Segment Open

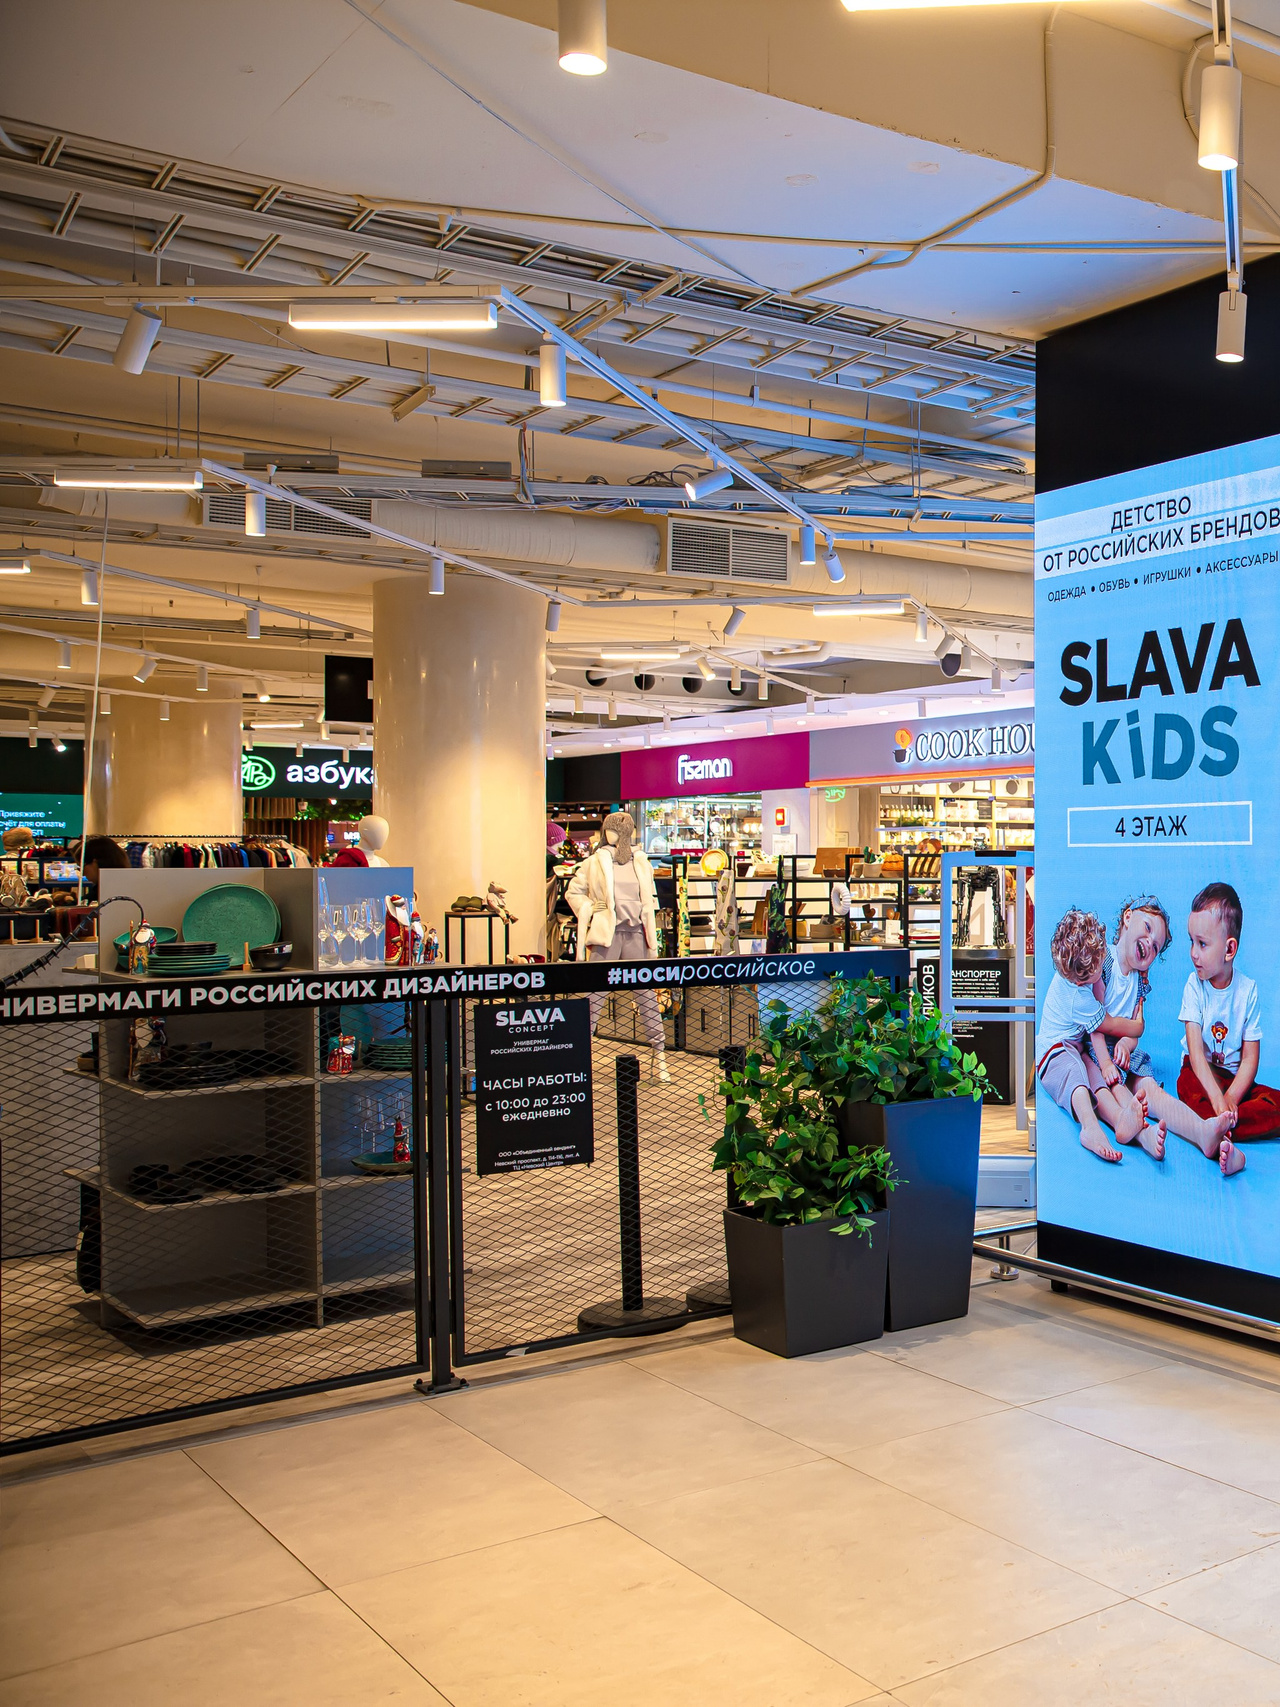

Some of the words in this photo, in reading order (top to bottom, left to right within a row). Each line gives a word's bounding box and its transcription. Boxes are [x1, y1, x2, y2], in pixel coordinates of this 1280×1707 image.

[1111, 496, 1191, 533] ДЕТСТВО
[1043, 552, 1063, 572] ОТ
[1068, 527, 1184, 567] РОССИЙСКИХ
[1190, 508, 1280, 543] БРЕНДОВ
[1047, 585, 1087, 602] ОДЕЖДА
[1099, 578, 1130, 593] ОБУВЬ
[1143, 566, 1191, 585] ИГРУШКИ
[1205, 550, 1279, 574] АКСЕССУАРЫ
[1059, 618, 1261, 706] SLAVA
[915, 728, 986, 762] COOK
[1115, 817, 1126, 837] 4
[1132, 815, 1187, 836] ЭТАЖ
[191, 979, 377, 1006] РОССИЙСКИХ
[383, 971, 545, 999] ДИЗАЙНЕРОВ
[923, 964, 935, 1020] ЛИКОВ
[495, 1007, 566, 1026] SLAVA
[508, 1024, 555, 1034] CONCEPT
[490, 1047, 533, 1055] РОССИЙСКИХ
[533, 1043, 573, 1052] ДИЗАЙНЕРОВ
[513, 1038, 549, 1047] УНИВЕРМАГ
[483, 1077, 524, 1091] ЧАСЫ
[527, 1072, 587, 1088] РАБОТЫ:
[485, 1103, 492, 1111] с
[495, 1098, 530, 1111] 10:00
[533, 1098, 549, 1108] до
[552, 1092, 586, 1105] 23:00
[502, 1107, 571, 1122] ежедневно
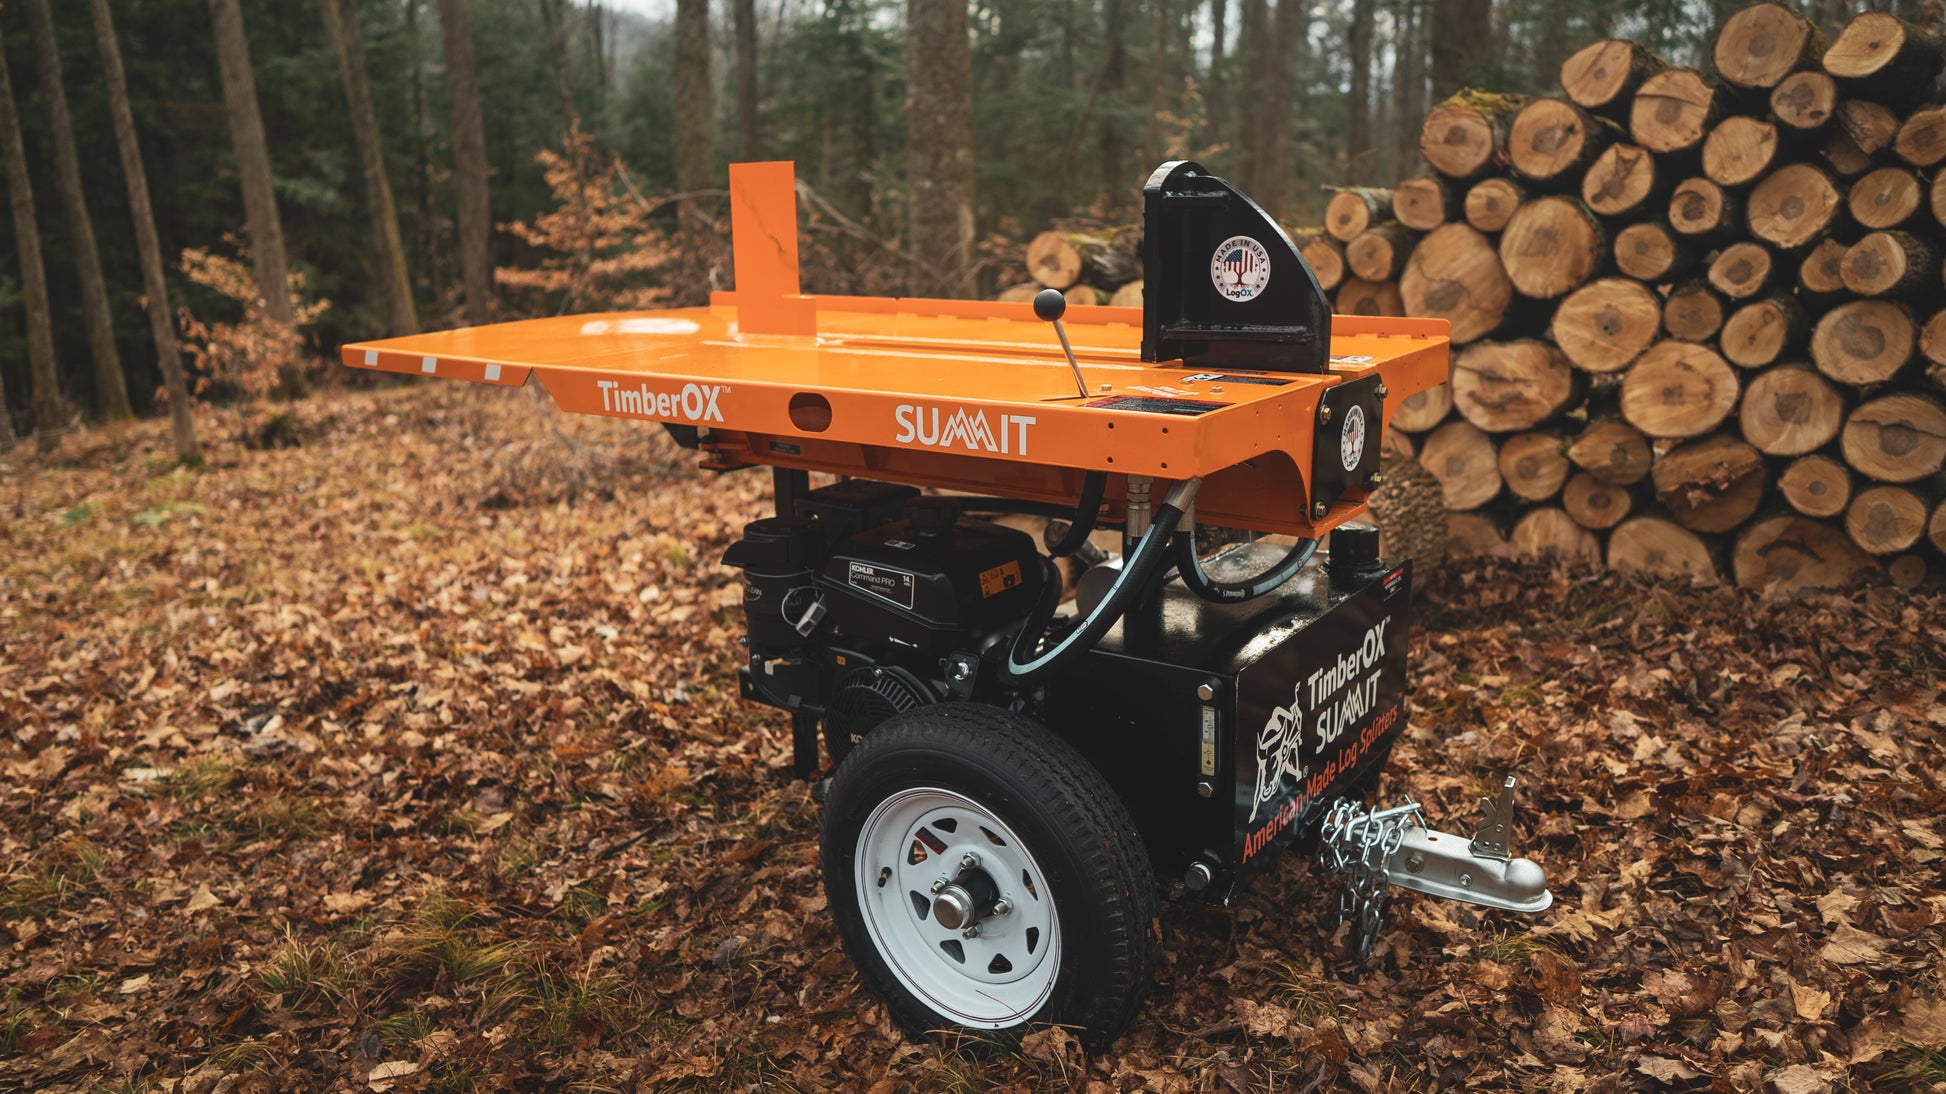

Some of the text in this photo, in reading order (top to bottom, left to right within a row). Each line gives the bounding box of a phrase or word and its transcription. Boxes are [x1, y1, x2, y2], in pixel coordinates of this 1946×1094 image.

Segment Closed

Should a picture appear among the entries above, omit it and repeat everything else exactly.

Some of the words in this photo, in reading order (top to bottom, left to right within a row). Each line gives a word's bounding box and its transcription. Boxes are [x1, y1, x2, y2], in pixel coordinates of this 1280×1707 image.

[1111, 496, 1191, 533] ДЕТСТВО
[1043, 552, 1063, 572] ОТ
[1068, 527, 1184, 567] РОССИЙСКИХ
[1190, 508, 1280, 543] БРЕНДОВ
[1047, 585, 1087, 602] ОДЕЖДА
[1099, 578, 1130, 593] ОБУВЬ
[1143, 566, 1191, 585] ИГРУШКИ
[1205, 550, 1279, 574] АКСЕССУАРЫ
[1059, 618, 1261, 706] SLAVA
[915, 728, 986, 762] COOK
[1115, 817, 1126, 837] 4
[1132, 815, 1187, 836] ЭТАЖ
[191, 979, 377, 1006] РОССИЙСКИХ
[383, 971, 545, 999] ДИЗАЙНЕРОВ
[923, 964, 935, 1020] ЛИКОВ
[495, 1007, 566, 1026] SLAVA
[508, 1024, 555, 1034] CONCEPT
[490, 1047, 533, 1055] РОССИЙСКИХ
[533, 1043, 573, 1052] ДИЗАЙНЕРОВ
[513, 1038, 549, 1047] УНИВЕРМАГ
[483, 1077, 524, 1091] ЧАСЫ
[527, 1072, 587, 1088] РАБОТЫ:
[485, 1103, 492, 1111] с
[495, 1098, 530, 1111] 10:00
[533, 1098, 549, 1108] до
[552, 1092, 586, 1105] 23:00
[502, 1107, 571, 1122] ежедневно

Some of the text in this photo, in reading order (top to bottom, left to right within a row). Each line gives the bounding box of a phrase or word and its transcription. Boxes are [x1, y1, x2, y2], in pixel coordinates of this 1946×1094 image.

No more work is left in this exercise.